Will Data Go Cloud Native?
The tools and platforms that data professionals are increasingly running on cloud native technology
Photo by Jonny Gios on Unsplash
Data tools remain an extremely active space, which is very exciting for me as a lazy user. Don't take my word for it, you can read Matt Turck's excellent post: Resilience and Vibrancy: The 2020 Data & AI Landscape. One thing I wonder, though, is whether cloud native data tools are going to become dominant.
What is cloud native?
For a variety of reasons, people have come to use the term "cloud native" two very different things.

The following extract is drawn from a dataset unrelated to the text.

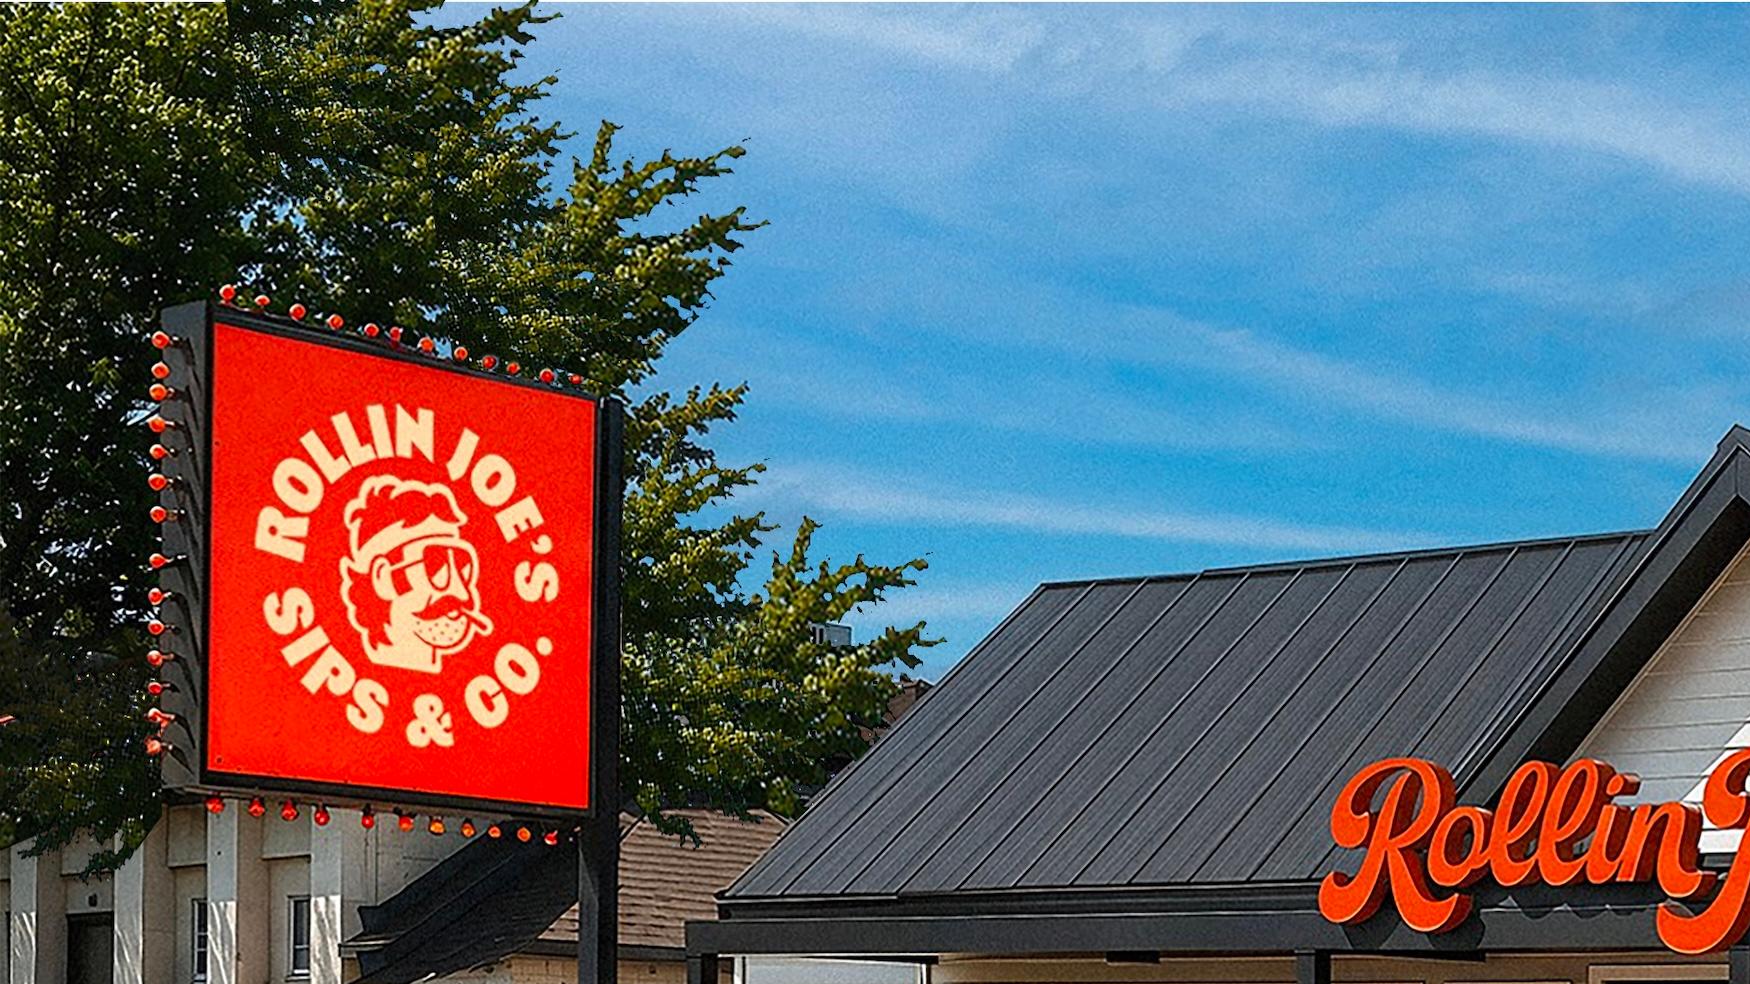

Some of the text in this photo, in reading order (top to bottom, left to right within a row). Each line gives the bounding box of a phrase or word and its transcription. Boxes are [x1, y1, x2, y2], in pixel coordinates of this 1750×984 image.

[254, 403, 560, 604] ROLLIN JOE'S
[262, 584, 554, 749] SIPS & CO.
[1318, 756, 1718, 934] Rollin

"Cloud native" means using "containers, service meshes, microservices, immutable infrastructure, and declarative APIs", as described by the CNCF.
"Cloud native" means using the cloud service provider "native" tools. In this usage we're talking about provider-specific tools with tight integration, for example with AWS Control Tower, Config, or ParallelCluster.
It's unfortunate that there's two almost opposite usages of the term, but I can't do anything about that. (I actually think that you could end up implementing both meanings of the term in some instances, maybe somewhere in Serverless Land, so they aren’t quite opposites.) In any case, for this article, I'm going with the first usage.
Cloud Native Data Tools
Let's get real: data tools run on cloud native.
Spark now targets deployment on Kubernetes. This by itself is tremendous. In addition, AWS recently rolled out a feature for their managed Spark cluster that lets you run it on their managed Kubernetes cluster. Would I run production Spark workloads on Kubernetes? Not without a ton of testing and research which I have not done at this time.
Jupyterhub, RStudio, and Kubeflow are all examples of data infrastructure-as-software using Kubernetes. These are honorable, value-add tools that offer a consistent user experience to data scientists, using the tools that they are already familiar with (Kubeflow adds some new things, but also embeds Jupyter). This space is far from settled: AWS Sagemaker, Azure ML Studio, and Google AI Platform are all strong offerings, which sometimes lightly overlap with cloud native. The "open core" up and comer, Databricks, is driving hard to IPO. Now that Spark runs on Kubernetes, will Databricks develop a Helm chart?
Airflow, the popular data pipeline tool which recently hit 2.0, runs on Kubernetes. Kafka, the big honking streaming data platform, is simplifying its architecture, and the Strimzi project is simplifying Kafka deployment on Kubernetes. (Strimzi is currently a CNCF Sandbox project, meaning that it may be awhile longer before you can kiss your dedicated production Kafka clusters goodbye.) People are trying to put production databases on Kubernetes (and I have questions). ESRI, the winners of the geospatial data market, will add support for Kubernetes to their flagship product ArcGIS. Feature stores, a kind of multi-workflow database for MLOps, run on Kubernetes.
These technologies won't all melt into Kubernetes overnight, and cloud native hasn't won by any stretch, but there is clearly some momentum.
Don't Panic
Despite its complexity, I tend to think that Kubernetes sprawling into data infrastructure is just a function of Kubernetes sprawling into everything. It is moving into Edge. It is moving into IaaS. You can run blockchain on it apparently. Banks are using it.
What you definitely shouldn't do, unless you hate money, is run out and buy every data scientist on your team a copy of the Cloud Native Infrastructure book and a Kubernetes bootcamp. If you're a data professional reading this and thinking about "learning Kubernetes", that's a perfectly fine thing to do. It can be good to diversify. Just be aware what you're getting yourself into.